Layne began his pro career with the Chicago Bears and spent
a year with the New York Bulldogs, who traded him to the Detroit
Lions. He was the heart and soul of the Lions teams - both on
and off the field - that won three NFL championships in six years.
As teammate Yale Larry once said, "When Bobby said block, you blocked.
When he said drink, you drank."
Layne was the first in a long line of playboy quarterbacks who got
almost as much attention for what he did and said off the field as
he did for his play.
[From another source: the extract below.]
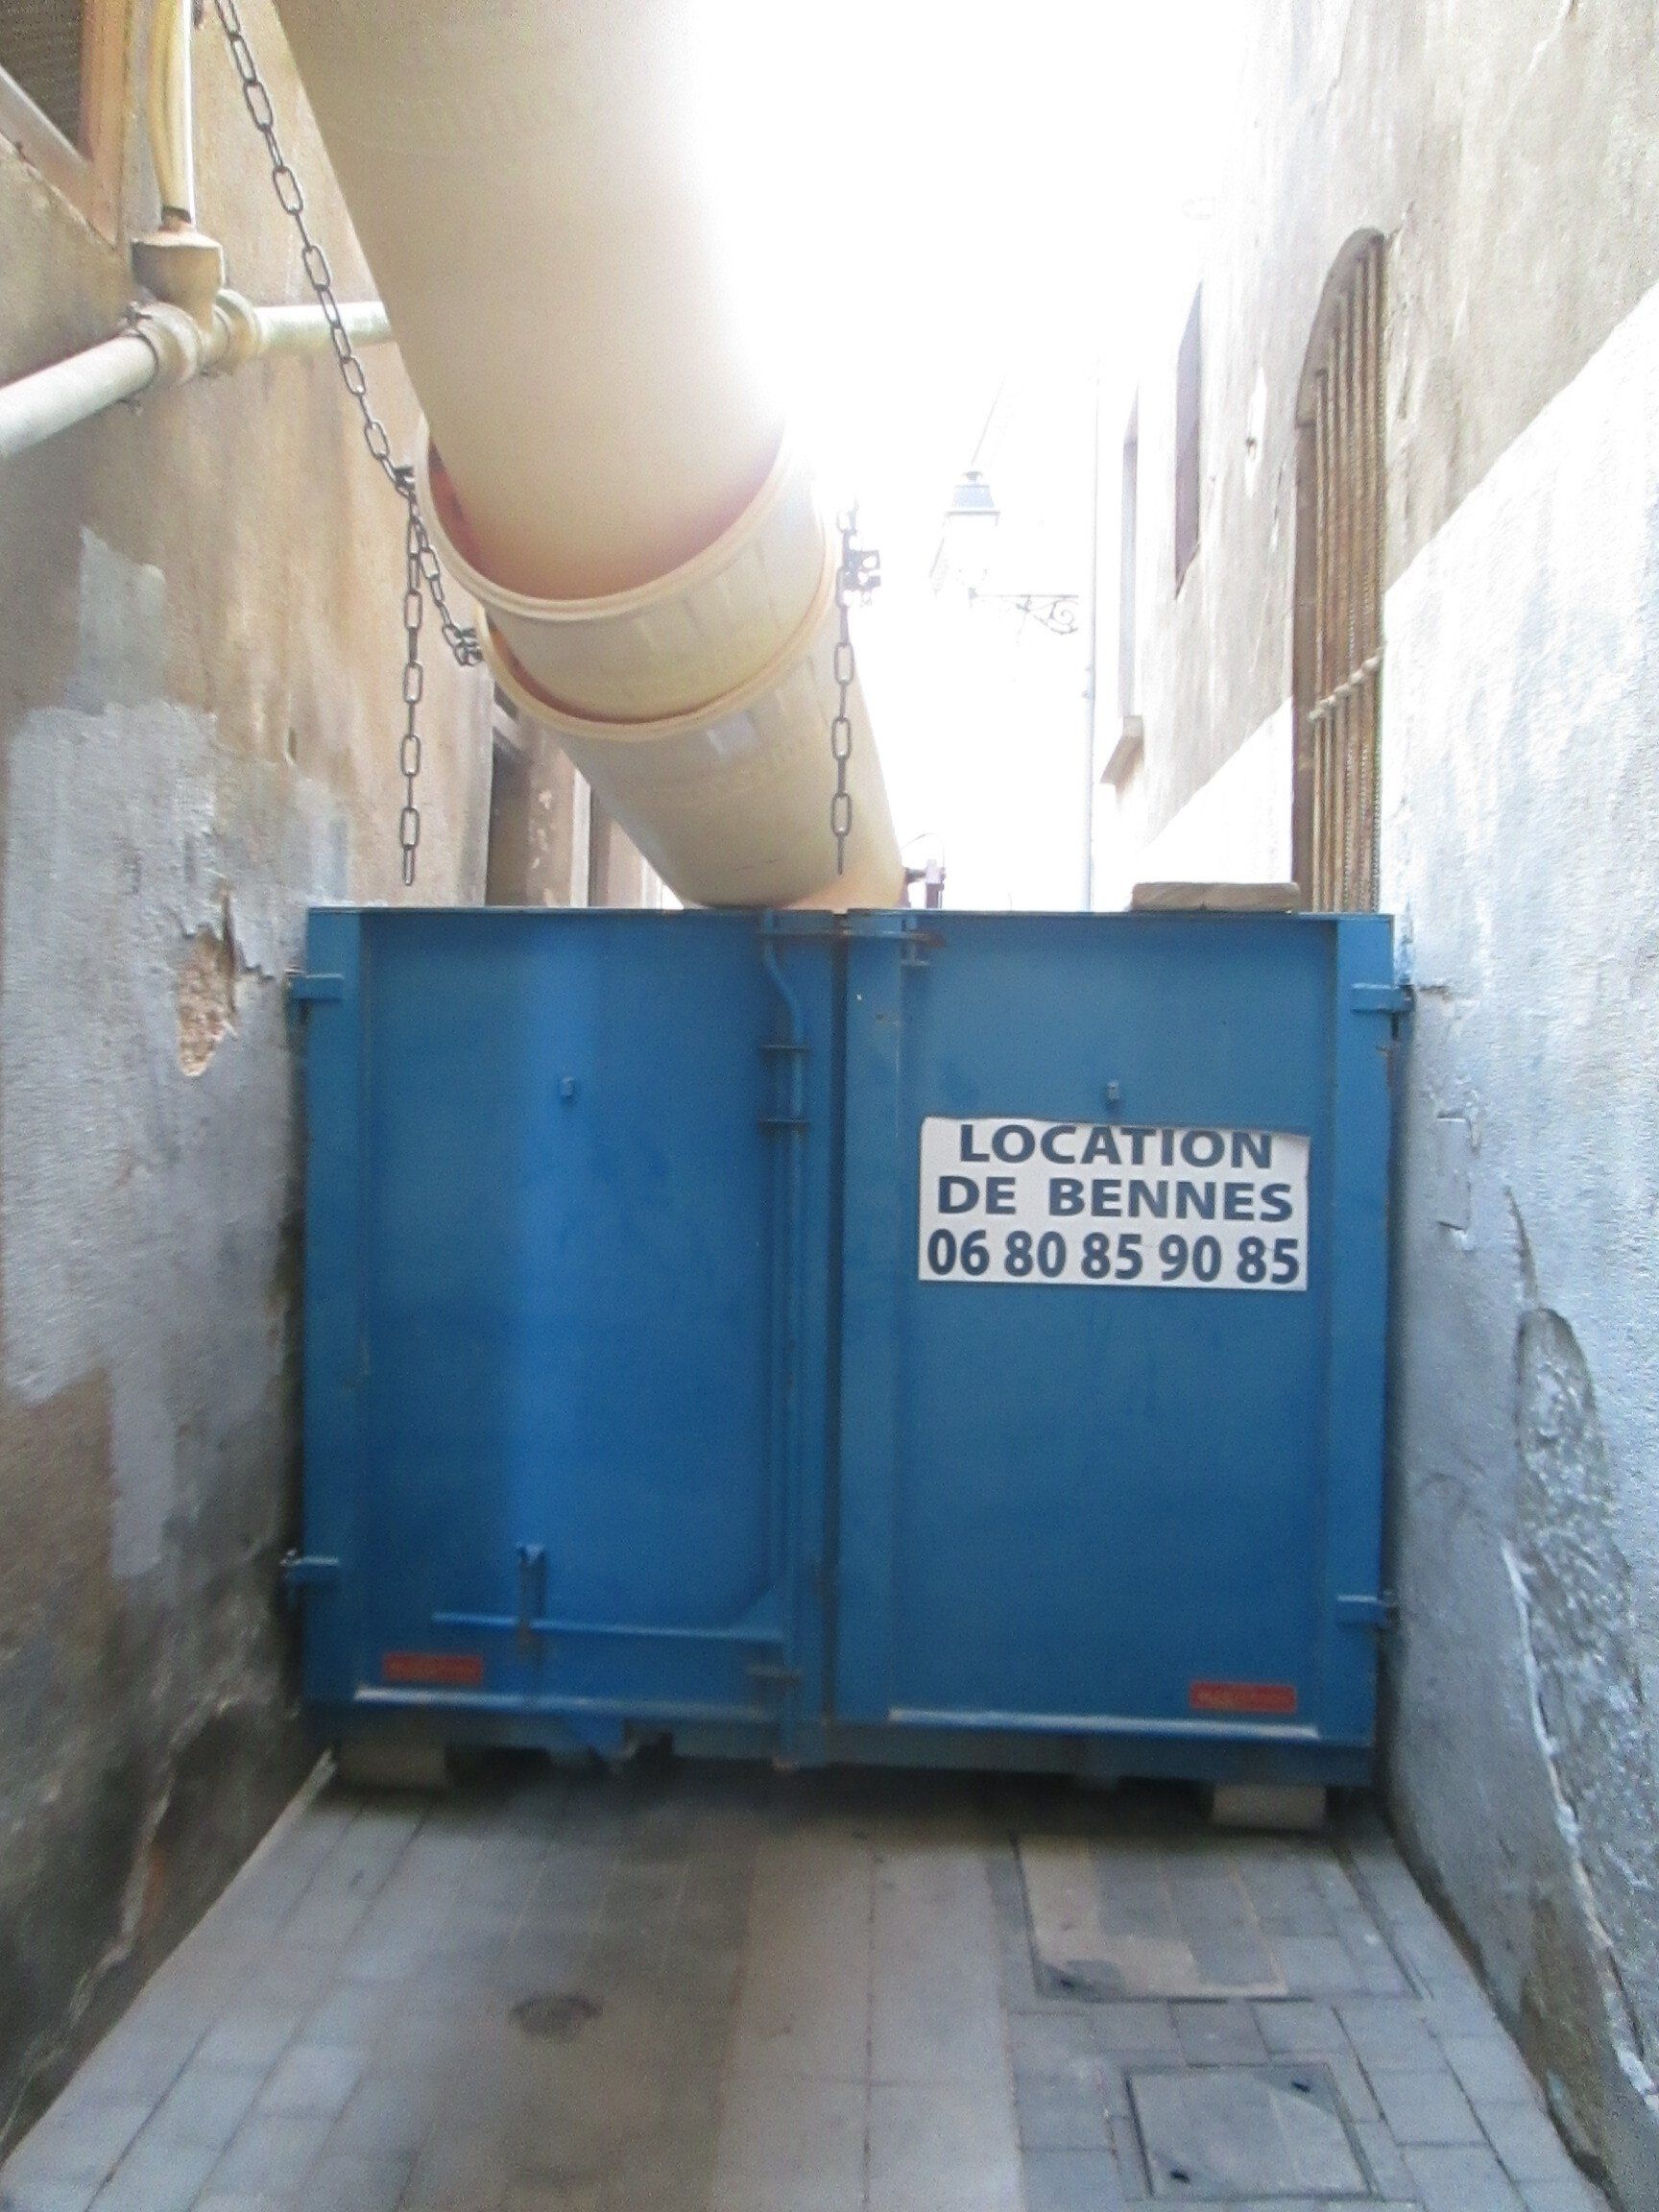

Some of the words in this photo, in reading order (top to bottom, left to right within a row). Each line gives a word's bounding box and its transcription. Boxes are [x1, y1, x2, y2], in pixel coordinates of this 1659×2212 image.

Caught in a prostitution sting, Layne pleaded
"extreme entrapment." The judge asked him to explain what he meant
and Layne said, "Well, your honor, if you set a trap for ol' Bobby,
you're going to catch him every time."
The Lions traded Layne to the Pittsburgh Steelers early in
the 1958 season, and he - allegedly - placed a curse on the Lions,
vowing that they wouldn't win another championship for 50 years. They've
exceeded that dire prediction by almost another decade. The year the
curse was supposed to expire - 2008 - the Lions went 0-16. We don't
know if Layne actually decided to hang half a hundred years of bad
football voodoo on the Lions or not. He might have, but no one recorded
it or noted it at the time. But as Detroit's football fortunes floundered,
fans might have started looking for an explanation.
"It was a whisper once and then it was like, maybe this thing is really
happening," Detroit columnist and best-selling author Mitch Albom
told ESPN a few years ago. "And then it just became an explanation
as to why we're going through this heartbreak."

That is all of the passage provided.